El esbirro vio a Kasdan. Cambió de posición. Cargó. Disparó. Pero lo que se oyó fue un clic. El fusil estaba bloqueado. Volokine comprendió que Dios estaba con ellos. Alzó la 45. Apoyó. Otro clic hizo eco al primero. Dios no estaba con nadie. Dos armas bloqueadas al mismo tiempo. Volokine vio que Hartmann maniobraba y arremetía contra Kasdan, que a su vez desenfundaba. Kasdan solo tuvo tiempo de retroceder, soltó el arma mientras el todoterreno se le echaba encima. Lanzó un alarido. Volokine tardó un segundo en comprender. En su movimiento, el policía se había ensartado a sí mismo en el cuchillo de combate que el gorila acababa de empuñar, después de haber tirado su fusil al suelo. Kasdan se dio la vuelta y, con el cuchillo hundido en la ingle, atrapó la cabeza de su agresor, le hincó los dientes en el cráneo con todas sus fuerzas, y le arrancó un trozo de cuero cabelludo.
Los dos hombres rodaron por tierra. En la caída, el cuchillo salió disparado de la herida. Confusión. Una mano atrapa el cuchillo. La mano de Kasdan. Lo clava en la garganta de su adversario. Un geiser de sangre. A borbotones. La víctima se desploma sobre Kasdan.
La escena no ha durado ni cinco segundos. Volokine no se ha movido. Petrificado. Sin fuerzas.
—¡La camioneta! —grita Kasdan, tratando de desembarazarse del cadáver.
Volo se despierta por fin. Arroja el arma y corre hacia el otro todoterreno. Impedir que Hartmann huya.

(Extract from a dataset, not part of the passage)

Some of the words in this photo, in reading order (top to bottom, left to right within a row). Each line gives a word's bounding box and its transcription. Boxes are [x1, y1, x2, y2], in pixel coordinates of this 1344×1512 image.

Machacarlo con el riesgo de ser machacado a su vez. La llave en el contacto. Va a girarla cuando un golpe lo lanza violentamente contra el parabrisas. Hartmann ha tenido la misma idea. Acaba de chocar contra él.
El ruso trata de salir. Imposible. Puerta bloqueada. Por la ventanilla, ve que Kasdan repta por la hierba roja. Ve a Hartmann, cubierto de sangre, salir del todoterreno, con la Beretta en la mano. Lo ve acercarse, con todas sus fuerzas concentradas en su brazo extendido, hacia ÉL.

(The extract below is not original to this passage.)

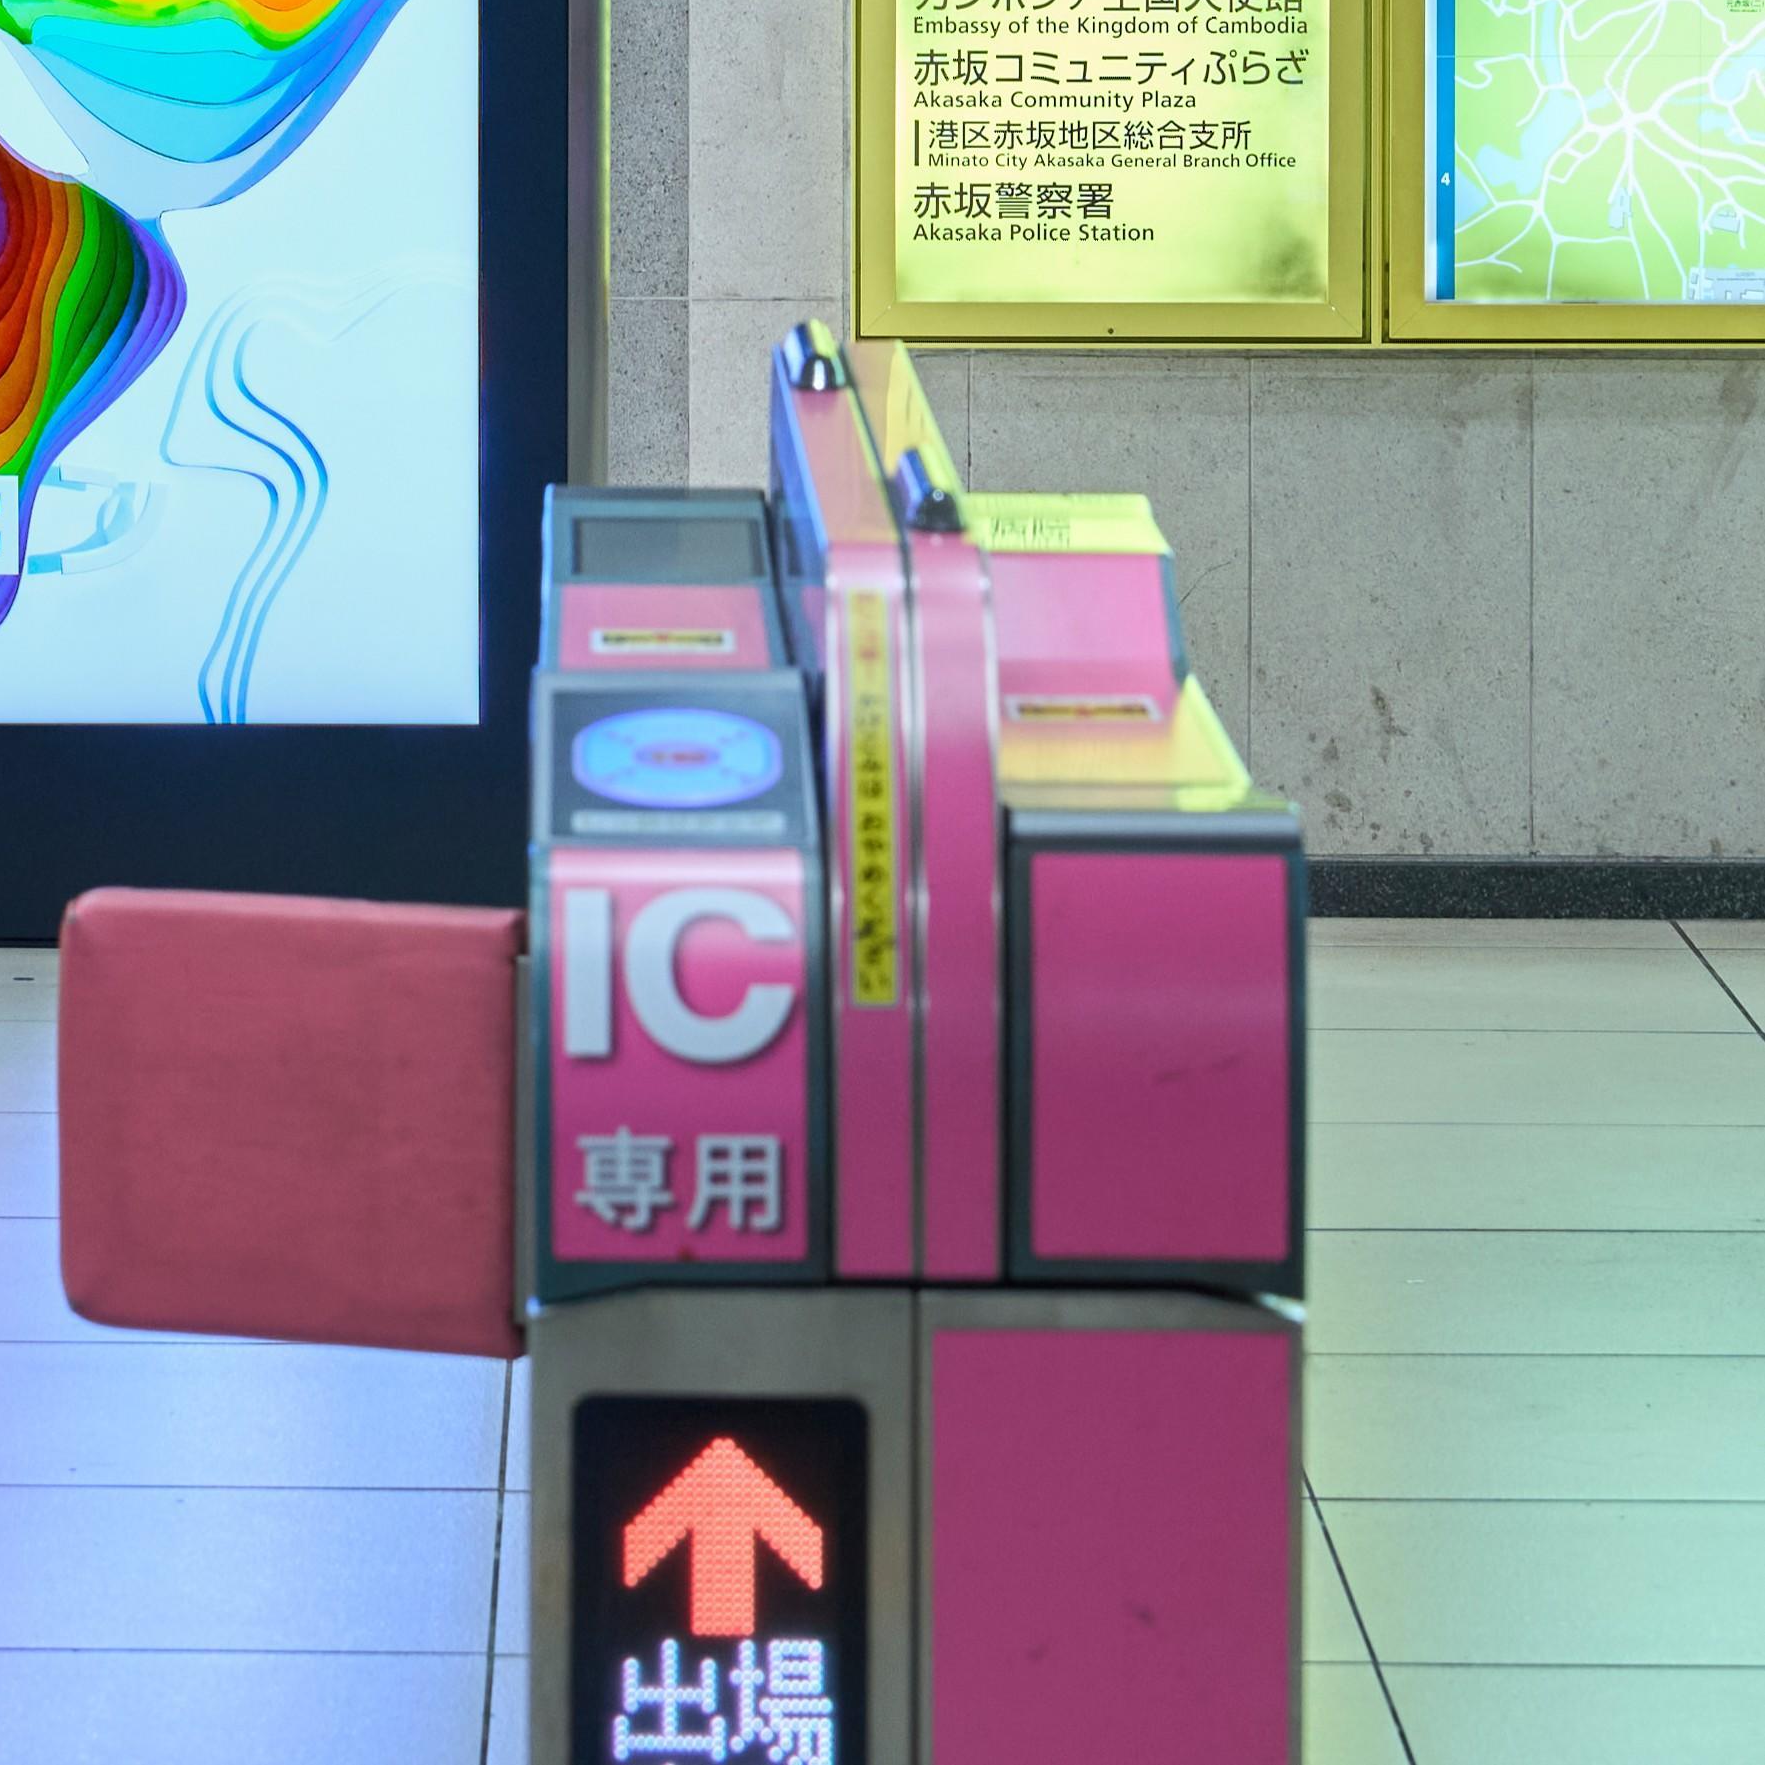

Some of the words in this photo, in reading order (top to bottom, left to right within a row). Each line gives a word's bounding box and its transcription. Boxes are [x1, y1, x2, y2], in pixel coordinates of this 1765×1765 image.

Volokine mete la marcha atrás. El mono. Conducta automática. Lee la inscripción de la caja de cambios. Un segundo más tarde Hartmann está allí, encañonándolo. Detonación. El vidrio se fisura. Volokine grita. Su sangre sobre el cuadro de mando. Su sangre entre las esquirlas de vidrio. Su muerte por todas partes, proyectada sobre el parabrisas y los asientos.
Un segundo de suspense.
Un segundo en el otro lado.
Pero no: no está muerto.
No está herido.
El vidrio explota definitivamente. La cabeza de Hartmann atraviesa el cristal. Le falta la mitad del cráneo.